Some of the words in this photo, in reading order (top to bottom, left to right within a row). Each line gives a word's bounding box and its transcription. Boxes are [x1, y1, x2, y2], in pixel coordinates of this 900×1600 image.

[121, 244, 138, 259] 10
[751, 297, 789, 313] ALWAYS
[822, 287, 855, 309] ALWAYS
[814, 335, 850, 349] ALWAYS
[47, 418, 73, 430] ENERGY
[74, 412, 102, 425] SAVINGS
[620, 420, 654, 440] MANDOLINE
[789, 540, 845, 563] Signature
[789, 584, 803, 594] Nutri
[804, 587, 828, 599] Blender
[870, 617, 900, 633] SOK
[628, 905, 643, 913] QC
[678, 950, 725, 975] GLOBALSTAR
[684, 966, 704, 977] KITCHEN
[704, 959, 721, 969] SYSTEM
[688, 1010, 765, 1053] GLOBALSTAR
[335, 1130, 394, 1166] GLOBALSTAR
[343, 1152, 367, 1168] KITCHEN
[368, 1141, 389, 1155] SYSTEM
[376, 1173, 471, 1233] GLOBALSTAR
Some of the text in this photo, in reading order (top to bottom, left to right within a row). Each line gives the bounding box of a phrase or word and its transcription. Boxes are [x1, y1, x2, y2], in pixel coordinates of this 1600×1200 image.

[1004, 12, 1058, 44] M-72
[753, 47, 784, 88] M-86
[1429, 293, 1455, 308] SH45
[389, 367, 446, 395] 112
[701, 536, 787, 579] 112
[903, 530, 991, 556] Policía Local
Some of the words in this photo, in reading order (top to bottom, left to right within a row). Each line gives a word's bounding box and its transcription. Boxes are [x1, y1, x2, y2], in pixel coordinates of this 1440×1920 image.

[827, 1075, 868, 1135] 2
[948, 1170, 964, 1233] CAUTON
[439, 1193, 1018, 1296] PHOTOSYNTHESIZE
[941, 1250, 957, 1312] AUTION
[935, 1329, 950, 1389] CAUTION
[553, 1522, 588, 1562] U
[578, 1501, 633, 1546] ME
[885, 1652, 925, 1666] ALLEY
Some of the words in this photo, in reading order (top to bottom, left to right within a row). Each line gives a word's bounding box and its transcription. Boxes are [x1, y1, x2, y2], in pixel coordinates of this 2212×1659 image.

^^^^^^^^^^^^^^^^

== WHAT THIS TASK INVOLVES ==
Print the data in full, with each line exactly as given.

== SOLUTION BELOW ==
Some of the words in this photo, in reading order (top to bottom, left to right within a row). Each line gives a word's bounding box and its transcription. Boxes are [x1, y1, x2, y2], in pixel coordinates of this 900×1600 image.

[121, 244, 138, 259] 10
[751, 297, 789, 313] ALWAYS
[822, 287, 855, 309] ALWAYS
[814, 335, 850, 349] ALWAYS
[47, 418, 73, 430] ENERGY
[74, 412, 102, 425] SAVINGS
[620, 420, 654, 440] MANDOLINE
[789, 540, 845, 563] Signature
[789, 584, 803, 594] Nutri
[804, 587, 828, 599] Blender
[870, 617, 900, 633] SOK
[628, 905, 643, 913] QC
[678, 950, 725, 975] GLOBALSTAR
[684, 966, 704, 977] KITCHEN
[704, 959, 721, 969] SYSTEM
[688, 1010, 765, 1053] GLOBALSTAR
[335, 1130, 394, 1166] GLOBALSTAR
[343, 1152, 367, 1168] KITCHEN
[368, 1141, 389, 1155] SYSTEM
[376, 1173, 471, 1233] GLOBALSTAR
Some of the text in this photo, in reading order (top to bottom, left to right within a row). Each line gives the bounding box of a phrase or word and its transcription. Boxes are [x1, y1, x2, y2], in pixel coordinates of this 1600×1200 image.

[1004, 12, 1058, 44] M-72
[753, 47, 784, 88] M-86
[1429, 293, 1455, 308] SH45
[389, 367, 446, 395] 112
[701, 536, 787, 579] 112
[903, 530, 991, 556] Policía Local
Some of the words in this photo, in reading order (top to bottom, left to right within a row). Each line gives a word's bounding box and its transcription. Boxes are [x1, y1, x2, y2], in pixel coordinates of this 1440×1920 image.

[827, 1075, 868, 1135] 2
[948, 1170, 964, 1233] CAUTON
[439, 1193, 1018, 1296] PHOTOSYNTHESIZE
[941, 1250, 957, 1312] AUTION
[935, 1329, 950, 1389] CAUTION
[553, 1522, 588, 1562] U
[578, 1501, 633, 1546] ME
[885, 1652, 925, 1666] ALLEY
Some of the words in this photo, in reading order (top to bottom, left to right within a row). Each line gives a word's bounding box and its transcription. Boxes are [x1, y1, x2, y2], in pixel coordinates of this 2212×1659 image.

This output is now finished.